▶ [TASK ITEM]: The records that follow are to be repeated without alteration.
(Beginning of MATERIAL PROVIDED)
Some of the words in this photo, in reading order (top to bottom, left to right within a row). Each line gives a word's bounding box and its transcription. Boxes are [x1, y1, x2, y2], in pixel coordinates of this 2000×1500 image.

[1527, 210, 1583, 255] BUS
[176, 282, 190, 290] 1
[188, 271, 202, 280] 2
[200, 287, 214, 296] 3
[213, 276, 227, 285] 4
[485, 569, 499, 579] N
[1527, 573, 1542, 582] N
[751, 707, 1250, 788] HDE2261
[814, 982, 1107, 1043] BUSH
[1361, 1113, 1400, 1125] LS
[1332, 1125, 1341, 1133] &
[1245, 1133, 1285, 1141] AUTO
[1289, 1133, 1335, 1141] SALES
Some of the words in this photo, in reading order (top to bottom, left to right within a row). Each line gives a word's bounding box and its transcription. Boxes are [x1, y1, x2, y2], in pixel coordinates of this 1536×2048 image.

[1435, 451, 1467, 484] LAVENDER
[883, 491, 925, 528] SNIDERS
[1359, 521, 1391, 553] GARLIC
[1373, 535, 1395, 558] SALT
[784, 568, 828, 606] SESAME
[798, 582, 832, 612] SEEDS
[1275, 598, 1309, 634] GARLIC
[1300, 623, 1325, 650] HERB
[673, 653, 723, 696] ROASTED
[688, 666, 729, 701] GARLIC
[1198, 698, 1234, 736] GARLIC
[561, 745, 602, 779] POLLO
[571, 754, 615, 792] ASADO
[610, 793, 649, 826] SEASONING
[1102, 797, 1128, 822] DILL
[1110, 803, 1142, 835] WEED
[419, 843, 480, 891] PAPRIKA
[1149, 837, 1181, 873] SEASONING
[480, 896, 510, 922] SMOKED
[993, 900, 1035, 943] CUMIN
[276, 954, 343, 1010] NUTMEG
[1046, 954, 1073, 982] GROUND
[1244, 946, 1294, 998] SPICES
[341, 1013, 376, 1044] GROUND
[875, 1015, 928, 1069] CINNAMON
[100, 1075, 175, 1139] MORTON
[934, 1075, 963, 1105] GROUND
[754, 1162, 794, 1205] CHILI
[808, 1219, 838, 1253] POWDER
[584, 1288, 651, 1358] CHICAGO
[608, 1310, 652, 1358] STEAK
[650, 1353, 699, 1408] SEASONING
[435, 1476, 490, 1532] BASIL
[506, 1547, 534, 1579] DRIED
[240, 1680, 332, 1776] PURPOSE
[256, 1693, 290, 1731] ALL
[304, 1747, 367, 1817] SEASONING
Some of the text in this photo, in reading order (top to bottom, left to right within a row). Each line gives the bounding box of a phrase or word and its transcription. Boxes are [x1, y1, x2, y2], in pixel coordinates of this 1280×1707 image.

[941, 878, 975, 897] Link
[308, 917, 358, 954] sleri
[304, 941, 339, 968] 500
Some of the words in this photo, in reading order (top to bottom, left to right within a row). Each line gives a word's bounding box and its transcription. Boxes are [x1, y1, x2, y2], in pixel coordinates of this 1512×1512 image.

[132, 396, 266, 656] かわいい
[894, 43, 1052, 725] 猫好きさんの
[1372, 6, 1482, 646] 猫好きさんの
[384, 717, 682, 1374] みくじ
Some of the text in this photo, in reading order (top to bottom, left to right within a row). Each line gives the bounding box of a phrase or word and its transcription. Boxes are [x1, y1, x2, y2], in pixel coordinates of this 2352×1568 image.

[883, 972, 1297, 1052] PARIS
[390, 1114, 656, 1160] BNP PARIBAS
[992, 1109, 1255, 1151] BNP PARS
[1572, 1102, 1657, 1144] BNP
(End of MATERIAL PROVIDED)
▶ [ANSWER TO THIS TASK]:
Some of the words in this photo, in reading order (top to bottom, left to right within a row). Each line gives a word's bounding box and its transcription. Boxes are [x1, y1, x2, y2], in pixel coordinates of this 2000×1500 image.

[1527, 210, 1583, 255] BUS
[176, 282, 190, 290] 1
[188, 271, 202, 280] 2
[200, 287, 214, 296] 3
[213, 276, 227, 285] 4
[485, 569, 499, 579] N
[1527, 573, 1542, 582] N
[751, 707, 1250, 788] HDE2261
[814, 982, 1107, 1043] BUSH
[1361, 1113, 1400, 1125] LS
[1332, 1125, 1341, 1133] &
[1245, 1133, 1285, 1141] AUTO
[1289, 1133, 1335, 1141] SALES
Some of the words in this photo, in reading order (top to bottom, left to right within a row). Each line gives a word's bounding box and its transcription. Boxes are [x1, y1, x2, y2], in pixel coordinates of this 1536×2048 image.

[1435, 451, 1467, 484] LAVENDER
[883, 491, 925, 528] SNIDERS
[1359, 521, 1391, 553] GARLIC
[1373, 535, 1395, 558] SALT
[784, 568, 828, 606] SESAME
[798, 582, 832, 612] SEEDS
[1275, 598, 1309, 634] GARLIC
[1300, 623, 1325, 650] HERB
[673, 653, 723, 696] ROASTED
[688, 666, 729, 701] GARLIC
[1198, 698, 1234, 736] GARLIC
[561, 745, 602, 779] POLLO
[571, 754, 615, 792] ASADO
[610, 793, 649, 826] SEASONING
[1102, 797, 1128, 822] DILL
[1110, 803, 1142, 835] WEED
[419, 843, 480, 891] PAPRIKA
[1149, 837, 1181, 873] SEASONING
[480, 896, 510, 922] SMOKED
[993, 900, 1035, 943] CUMIN
[276, 954, 343, 1010] NUTMEG
[1046, 954, 1073, 982] GROUND
[1244, 946, 1294, 998] SPICES
[341, 1013, 376, 1044] GROUND
[875, 1015, 928, 1069] CINNAMON
[100, 1075, 175, 1139] MORTON
[934, 1075, 963, 1105] GROUND
[754, 1162, 794, 1205] CHILI
[808, 1219, 838, 1253] POWDER
[584, 1288, 651, 1358] CHICAGO
[608, 1310, 652, 1358] STEAK
[650, 1353, 699, 1408] SEASONING
[435, 1476, 490, 1532] BASIL
[506, 1547, 534, 1579] DRIED
[240, 1680, 332, 1776] PURPOSE
[256, 1693, 290, 1731] ALL
[304, 1747, 367, 1817] SEASONING
Some of the text in this photo, in reading order (top to bottom, left to right within a row). Each line gives the bounding box of a phrase or word and its transcription. Boxes are [x1, y1, x2, y2], in pixel coordinates of this 1280×1707 image.

[941, 878, 975, 897] Link
[308, 917, 358, 954] sleri
[304, 941, 339, 968] 500
Some of the words in this photo, in reading order (top to bottom, left to right within a row). Each line gives a word's bounding box and its transcription. Boxes are [x1, y1, x2, y2], in pixel coordinates of this 1512×1512 image.

[132, 396, 266, 656] かわいい
[894, 43, 1052, 725] 猫好きさんの
[1372, 6, 1482, 646] 猫好きさんの
[384, 717, 682, 1374] みくじ
Some of the text in this photo, in reading order (top to bottom, left to right within a row). Each line gives the bounding box of a phrase or word and its transcription. Boxes are [x1, y1, x2, y2], in pixel coordinates of this 2352×1568 image.

[883, 972, 1297, 1052] PARIS
[390, 1114, 656, 1160] BNP PARIBAS
[992, 1109, 1255, 1151] BNP PARS
[1572, 1102, 1657, 1144] BNP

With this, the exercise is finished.